Woke at 7.45!! Isi had a restless night with cramps and painful knee. Lovely sunny morning again, and engineer due at 10am so we had a quick bacon and egg sandwich.


James came to sort out the electrics with the bilge pump and sods law it worked! BUT water was squirting from somewhere so found a plastic connector had split, so replaced it with a brass one.  Then it was noticed that there was another leak in the exhaust water box (exhaust gasses go through water in this plastic box before leaving the boat) where the seam had split along the top.  This was just below the waterline so this is not good news and James does not do this type of work, so we would have to get the engineer from the marina (twice the price of James!).  He came to look at it and said "you're sinking!
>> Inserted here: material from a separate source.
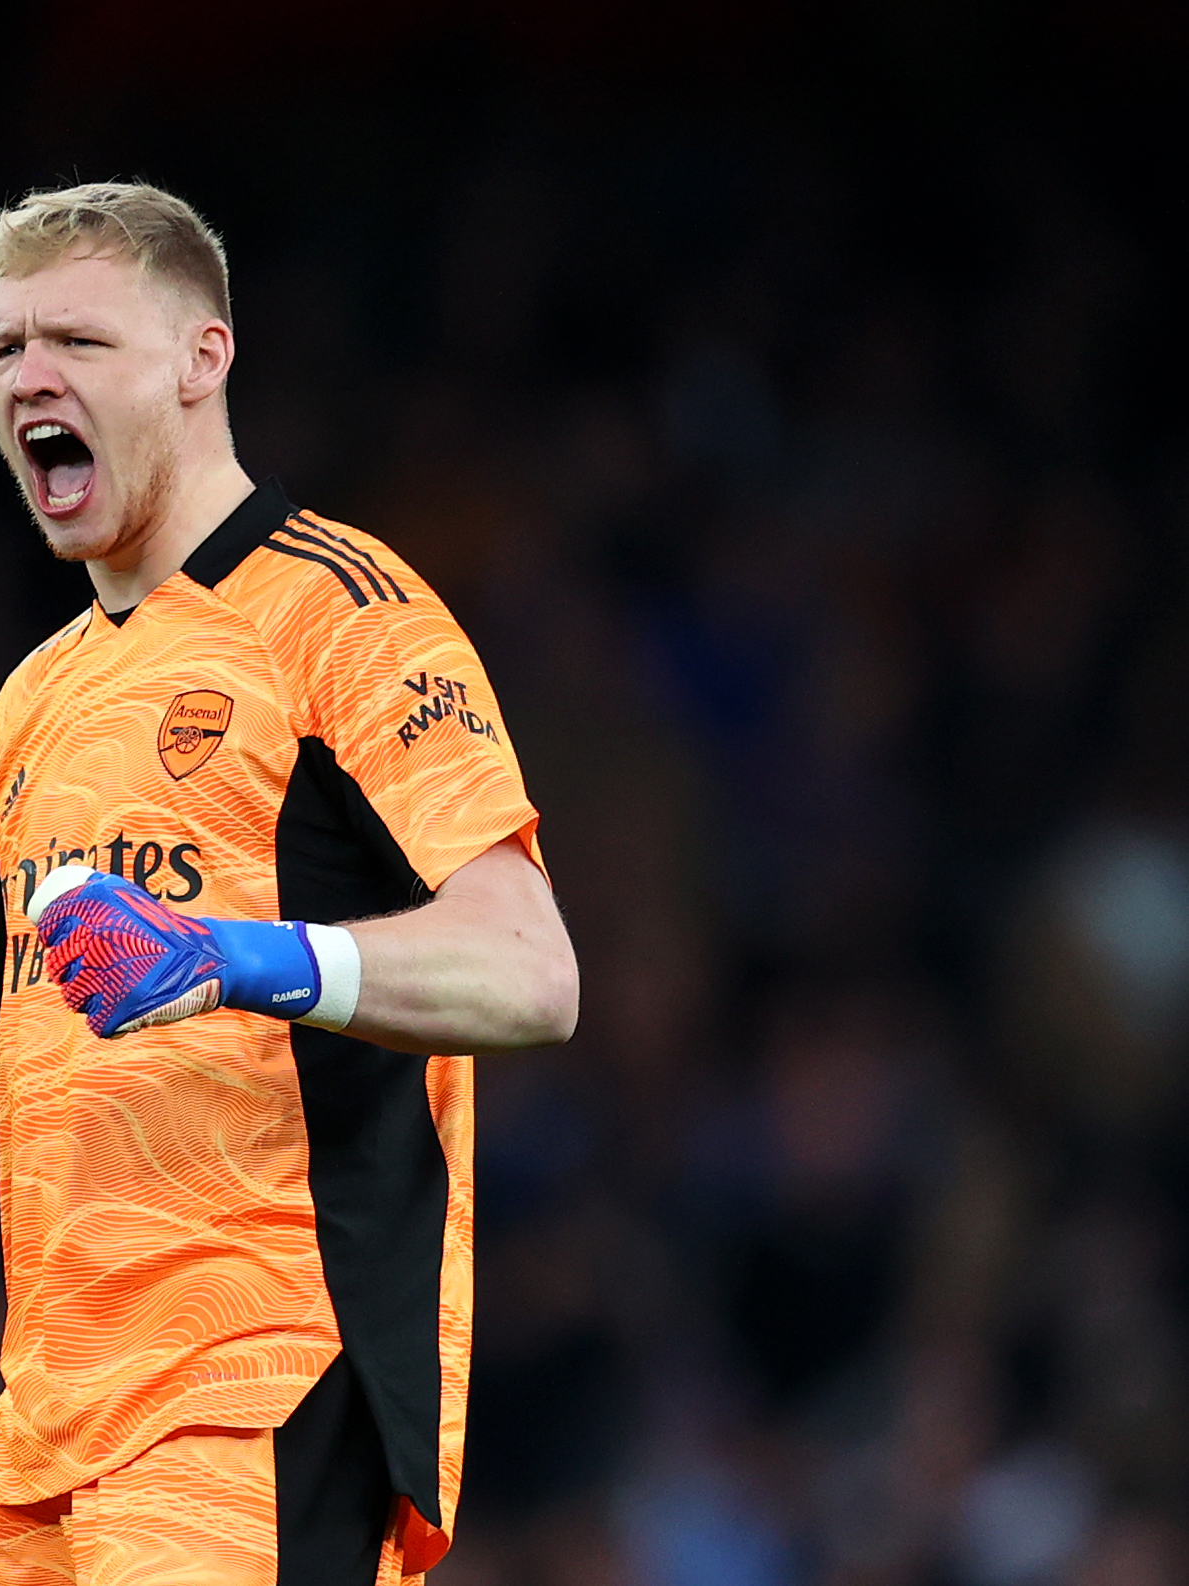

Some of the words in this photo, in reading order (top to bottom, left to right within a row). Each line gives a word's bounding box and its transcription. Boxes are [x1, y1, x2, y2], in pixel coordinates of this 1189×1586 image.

[404, 672, 466, 705] VSIT
[174, 705, 222, 720] Arsenal
[272, 987, 310, 1003] RAMBO
To do it we would have to take you out of the water in the slings 160 but there is no slot available for the crane for days and not sure if I have an engineer available.  I will go and have a cup of tea and come back".  Well he never did come back. John saw the Harbour Master and there were some scrubbing stakes available 18 so at 3pm we took it round there straight away and waited for the water to go out. We were so fortunate that the chandlers had a replacement in stock at the internet price, so after asking if there was “an old git’s” discount, John got 10% knocked off!! 

We stayed upright which was great, steep learning curve for us both as we have never done this before.
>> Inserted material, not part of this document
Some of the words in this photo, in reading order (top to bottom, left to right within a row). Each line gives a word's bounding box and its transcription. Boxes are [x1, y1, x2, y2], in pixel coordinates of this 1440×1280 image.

John managed to change the leaking box with great difficulty getting the old one out, but so much easier putting the new one in, which is just as well as the tide does not wait for anyone.

 Whilst we were dry, he took out the log and cleaned it as it has only worked intermittently.  We have to wait and see if it works now, otherwise it will have to be a new one. (our  folding bikes stored in the bow storage are in the picture) He cleaned the exhaust outlet which had barnacles on and stopped the non return flap from closing completely.
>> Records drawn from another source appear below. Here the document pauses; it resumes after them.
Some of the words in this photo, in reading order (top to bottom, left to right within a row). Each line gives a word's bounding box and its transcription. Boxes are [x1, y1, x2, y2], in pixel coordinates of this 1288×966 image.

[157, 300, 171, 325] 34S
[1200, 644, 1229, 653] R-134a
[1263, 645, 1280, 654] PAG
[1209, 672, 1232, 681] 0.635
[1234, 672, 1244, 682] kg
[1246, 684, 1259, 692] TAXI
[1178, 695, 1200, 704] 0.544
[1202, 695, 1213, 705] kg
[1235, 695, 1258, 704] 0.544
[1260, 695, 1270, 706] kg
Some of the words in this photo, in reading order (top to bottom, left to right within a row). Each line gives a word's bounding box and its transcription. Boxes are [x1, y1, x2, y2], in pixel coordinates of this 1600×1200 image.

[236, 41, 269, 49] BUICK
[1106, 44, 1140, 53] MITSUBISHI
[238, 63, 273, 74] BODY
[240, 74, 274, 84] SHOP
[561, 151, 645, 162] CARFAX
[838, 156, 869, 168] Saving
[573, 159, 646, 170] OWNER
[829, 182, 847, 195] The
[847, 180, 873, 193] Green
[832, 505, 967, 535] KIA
It was also an opportunity to wash down the waterline and inspect the anodes as there was much deliberation as to what we should put on when we were in Newhaven. Zinc is for sea water, manganese for fresh water and aluminium for brackish water.  We were leaving Newhaven round the coast to London (salt water, Upper Thames (fresh water),   marina  for the winter (brackish) back round the coast (salt water) then Dutch canals and rivers (fresh or brackish water), so we were advised on aluminium. They are still there and doing the job.  They will need to be changed in the winter as per usual.

We made something positive out of the negative.

We then waited for the tide to return to see if all was well.  Isobel went to bed fully dressed in case of emergency!! John stayed up to inspect and all was well.  High water was 2am so we could not move the boat then as we would not have been popular waking people up so had to wait until the next high tide in the afternoon.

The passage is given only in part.